The strength of ResNet was demonstrated in [
33], where several CNN architectures—including Inception V3, VGG-16, VGG-19, and a conventional CNN—were compared for early fault detection in rice leaf blast disease. ResNet-50 achieved a top accuracy of 99.75%, highlighting the importance of deep feature extraction in agricultural applications. In some cases, combining multiple CNN architectures can yield better results. For example, in [
34], the authors employed a combination of CNN subtypes for COVID-19 detection and classification. They used Faster R-CNN with a VGG-16 backbone to detect and classify COVID-19 infections in computed tomography (CT) images, achieving an accuracy of 93.86%. This further validates the utility of region-based CNNs in medical image analysis. CNN has also been integrated into various advanced models to create more sophisticated frameworks. For instance, the authors in [
35] proposed a novel transformer network enhanced with a CNN cross-attention mechanism for hyperspectral image (HSI) classification. Despite the constraint of limited data samples, their framework demonstrated exceptional classification performance. In another study, He et al. [
36] utilized a cross-fusion of CNN and transformer architectures for high-speed railway dropper defect detection. Their robust framework achieved accurate defect detection even under challenging weather conditions, such as rain, fog, sunlight, and nighttime. Deployed across over 300 high-speed trains, their system successfully detected more than 10,000 dropper defects, outperforming most state-of-the-art networks in terms of competence and reliability.
The motivation behind this study stems from the pressing demand within a manufacturing company to create a reliable classification model for products with glossy and curved surfaces.
Figure 1 illustrates a product sample: a uniquely designed hairbrush case cover tailored for women. This product merges aesthetic appeal with practical functionality, catering to a specific consumer need. Its distinctiveness arises not only from its visual design but also from its ergonomic construction, material durability, and comfortable palm fit. Beyond its user-centric features, the case enhances the hairbrush’s longevity by providing protection and portability. Its versatile design ensures adaptability to diverse settings and uses, further solidifying its value in everyday life.

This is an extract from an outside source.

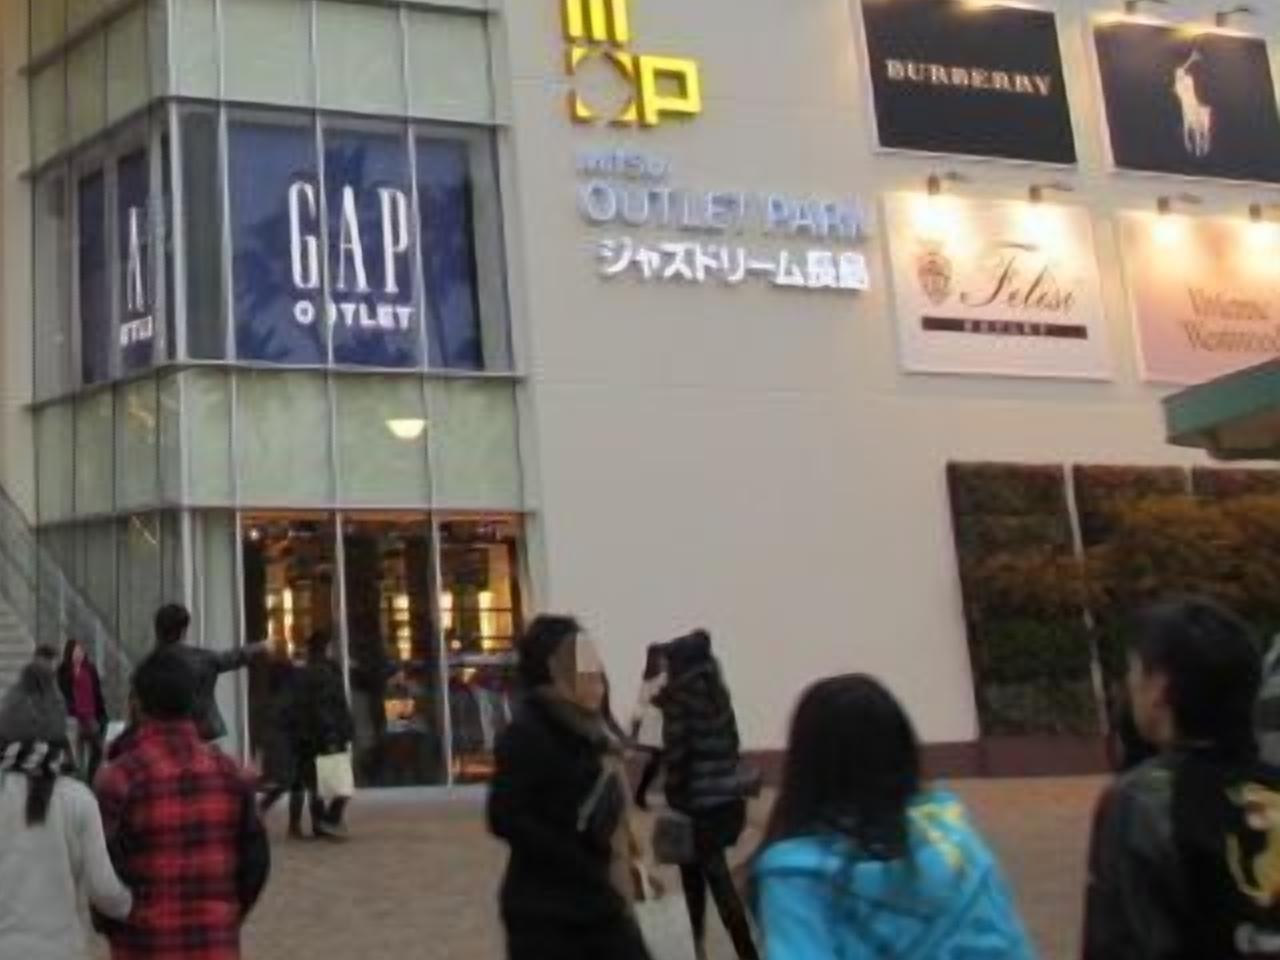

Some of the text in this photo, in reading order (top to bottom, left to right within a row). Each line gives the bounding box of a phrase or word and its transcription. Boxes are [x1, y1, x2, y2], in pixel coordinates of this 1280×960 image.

[886, 59, 1051, 95] BURBERRY
[586, 183, 745, 230] OUTLET
[288, 181, 409, 294] GAP
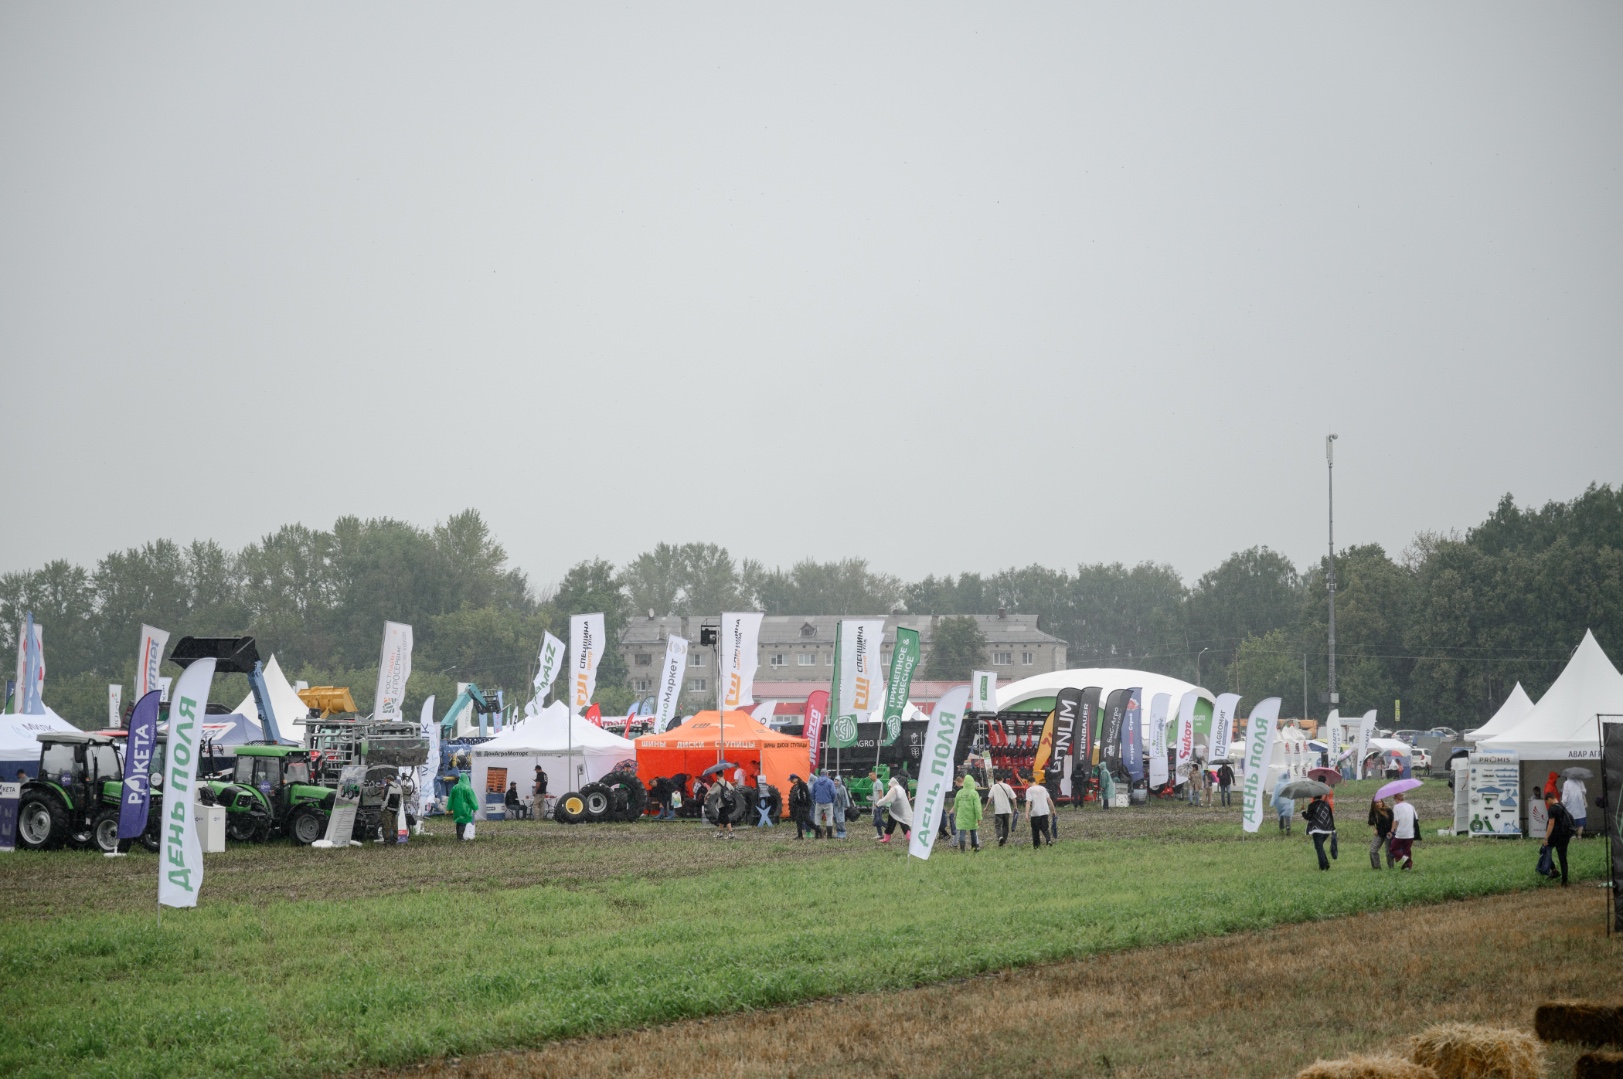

Nevertheless, the product’s aesthetic nature not only attracts customers but also poses challenges. Its glossy and curved design complicates traditional machine-vision inspection techniques. For example, as shown in
Figure 1, the white circles highlight dent locations that are difficult to detect visually due to surface reflectivity. Quality inspection is critical for this product, as the target demographic demands flawless items, and even minor defects like cracks, dents, or scratches lead to rejection. This stringent requirement has prompted online platforms to automatically flag and reject listings with such imperfections.
To ensure that fault classification is effectively carried out on glossy and curved surfaces in the manufacturing industry, this study makes the following contributions:
A proposal for integrating a Basler vision camera with enhanced lighting to achieve clear, high-quality image acquisition of glossy surfaces. This integration is aimed to facilitate the development of a robust fault detection and classification framework specifically designed for reflective surfaces.
The utilization of a KEYENCE laser displacement sensor in combination with a Motoman-GP7 Yaskawa robotic arm to enable the precise and effective acquisition of curved geometries. Additionally, the integration of images from the Basler vision camera and the laser displacement sensor is proposed as an ideal approach for developing a fault classification framework for glossy and curved surface image products.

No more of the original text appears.